Doña Angustias quiere arreglar la despensa de la cocina —como si tuviera otra en su castillo de ochenta metros— y compra un par de fiambreras para organizar.
Cuando el domingo se dispone a hacerlo cae en la cuenta que, como siempre, las fiambreras solo son el principio.
Toca un Marie Kondo.
Para dejarlo todo como quiere tendrá que vaciar los dos armarios y ordenar todo.
Empieza a sacar productos y se percata de que tiene latas de fabada para pasar el próximo invierno: los «restillos» del avituallamiento que CaraAsco trajo para el confinamiento, como si fuera una auténtica guerra; paquetes de arroz para darle de comer a los talibanes de Afganistán y parte de Irán —previo cianuro en el agua—, como detalle agasajil.
Las dos fiambreras las llena pronto: una con todos los tipos de harina sin gluten que hay en el mercado, de las que la Ansiedades ha ido haciendo acopio; la otra, con un montón de hierbas para infusión que usa poco y se pregunta si se podrán fumar. Rápidamente destierra ese pensamiento.
Uno de los armarios ya está casi listo.

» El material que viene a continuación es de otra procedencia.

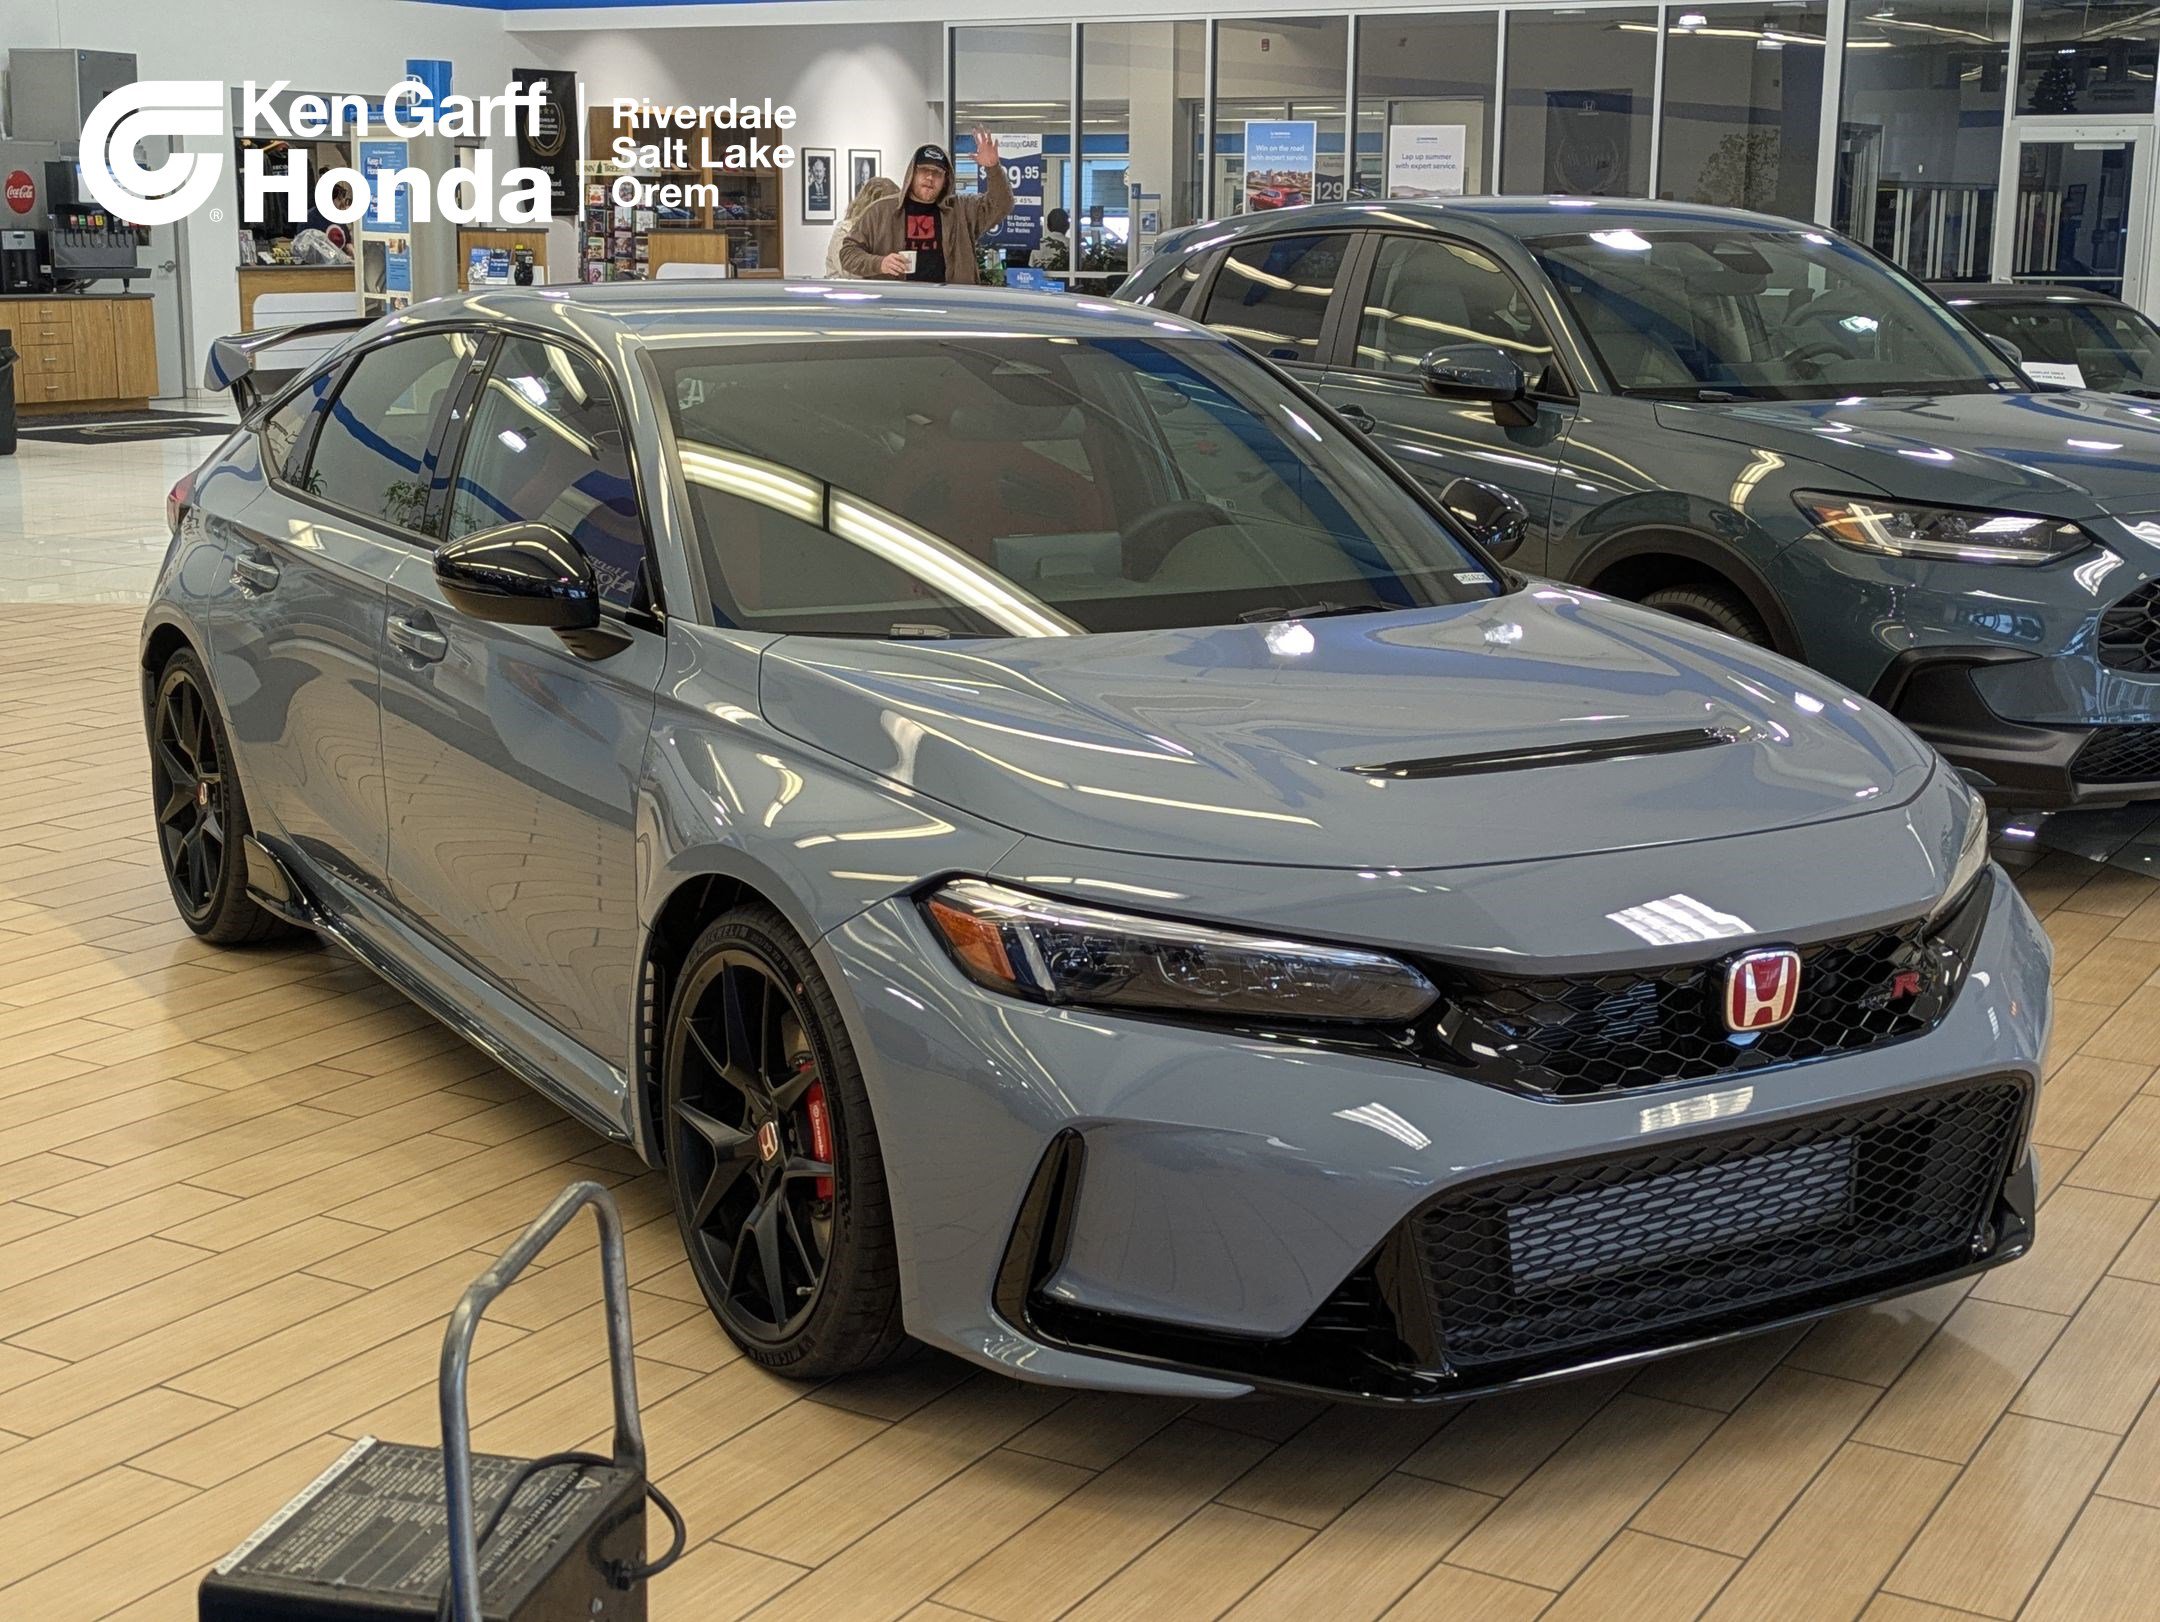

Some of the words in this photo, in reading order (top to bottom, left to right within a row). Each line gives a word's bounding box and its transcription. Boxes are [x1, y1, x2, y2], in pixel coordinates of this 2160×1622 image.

Ahora toca el otro, colgado encima de la encimera y que llega hasta el techo, de tres baldas y haciendo esquina.
Cuando ya está acabando de limpiar para empezar a colocar, un apoyo de más de una de sus pezuñas en la balda superior hace que todo, las dos baldas esquineras y todas las botellas y copas que están en la parte de arriba se vengan abajo.
Doña Angustias se caga en todos lo santos y demonios del santoral, en alguno que no sabe si existe y en su puta vida.
Sudando cual cerdita estival, como si le hubieran echado una espuerta de agua por lo alto, doña Angustias lucha con las pesadas baldas para volver a colocarlas en su sitio.
No se ha roto nada. Los milagros existen, pero el encargado de repartirlos podría hacerlo en cosas más importantes.
Encaje de bolillos es poco: al estar en esquina la cosa se complica más y,
cuando por fin consigue ponerlas, la balda del medio está doblada, a lo torre de Pisa.
Por una milésima de segundo piensa en dejarla así.
La Ansiedades va al cuarto de baño a enjuagarse la cara por cuarta vez, y se pregunta seriamente por qué no se hizo un trocolón con las hierbas. «Por mi coño moreno que esto se queda puesto, y bien puesto», se dice cogiendo fuerza encima de la escalera.
Y sí, cayéndole las gotas de sudor por la espalda, la nariz y otros lugares que no vamos a mencionar, doña Angustias consigue colocar las puñeteras baldas. Contenta, lo ordena y guarda todo. Solo le queda recoger la ropa de la azotea, doblarla y guardarla para darse una ansiada ducha.
Mira el reloj: las ocho de la tarde. «A tomar por culo el día, pero… Ya está todo como quiero que esté», se dice orgullosa y en paz, después de la tranquila ducha y su ritual de cremas, escuchando Runaway.